### WHAT TO PRODUCE
Below is a block of entries, which should be copied verbatim apart from the pictures.

### GIVEN DATA
• • •

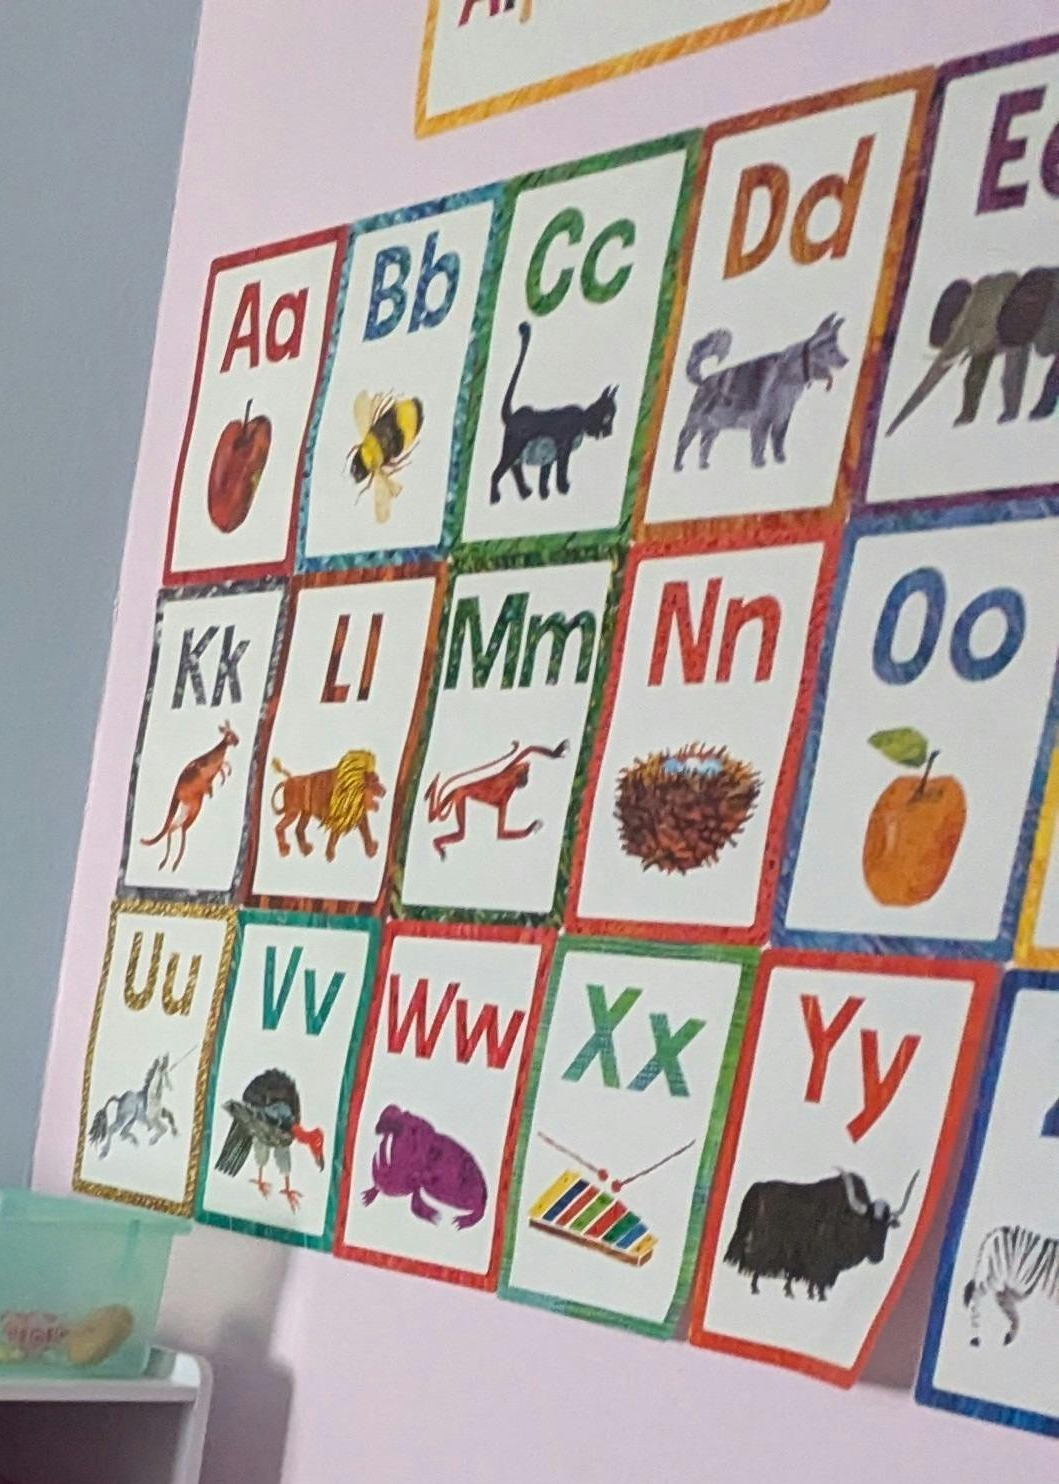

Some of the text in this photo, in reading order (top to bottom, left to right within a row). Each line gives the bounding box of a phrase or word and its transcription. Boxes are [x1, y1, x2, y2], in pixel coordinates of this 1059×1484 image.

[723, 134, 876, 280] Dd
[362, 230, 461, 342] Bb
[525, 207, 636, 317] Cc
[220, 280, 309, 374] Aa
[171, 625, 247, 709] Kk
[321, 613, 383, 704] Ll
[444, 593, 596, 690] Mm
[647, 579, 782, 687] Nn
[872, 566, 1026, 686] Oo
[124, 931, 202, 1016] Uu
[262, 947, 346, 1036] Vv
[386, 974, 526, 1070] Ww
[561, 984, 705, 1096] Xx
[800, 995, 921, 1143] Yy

• • •

### YOUR RESPONSE
Some of the text in this photo, in reading order (top to bottom, left to right within a row). Each line gives the bounding box of a phrase or word and its transcription. Boxes are [x1, y1, x2, y2], in pixel coordinates of this 1059×1484 image.

[723, 134, 876, 280] Dd
[362, 230, 461, 342] Bb
[525, 207, 636, 317] Cc
[220, 280, 309, 374] Aa
[171, 625, 247, 709] Kk
[321, 613, 383, 704] Ll
[444, 593, 596, 690] Mm
[647, 579, 782, 687] Nn
[872, 566, 1026, 686] Oo
[124, 931, 202, 1016] Uu
[262, 947, 346, 1036] Vv
[386, 974, 526, 1070] Ww
[561, 984, 705, 1096] Xx
[800, 995, 921, 1143] Yy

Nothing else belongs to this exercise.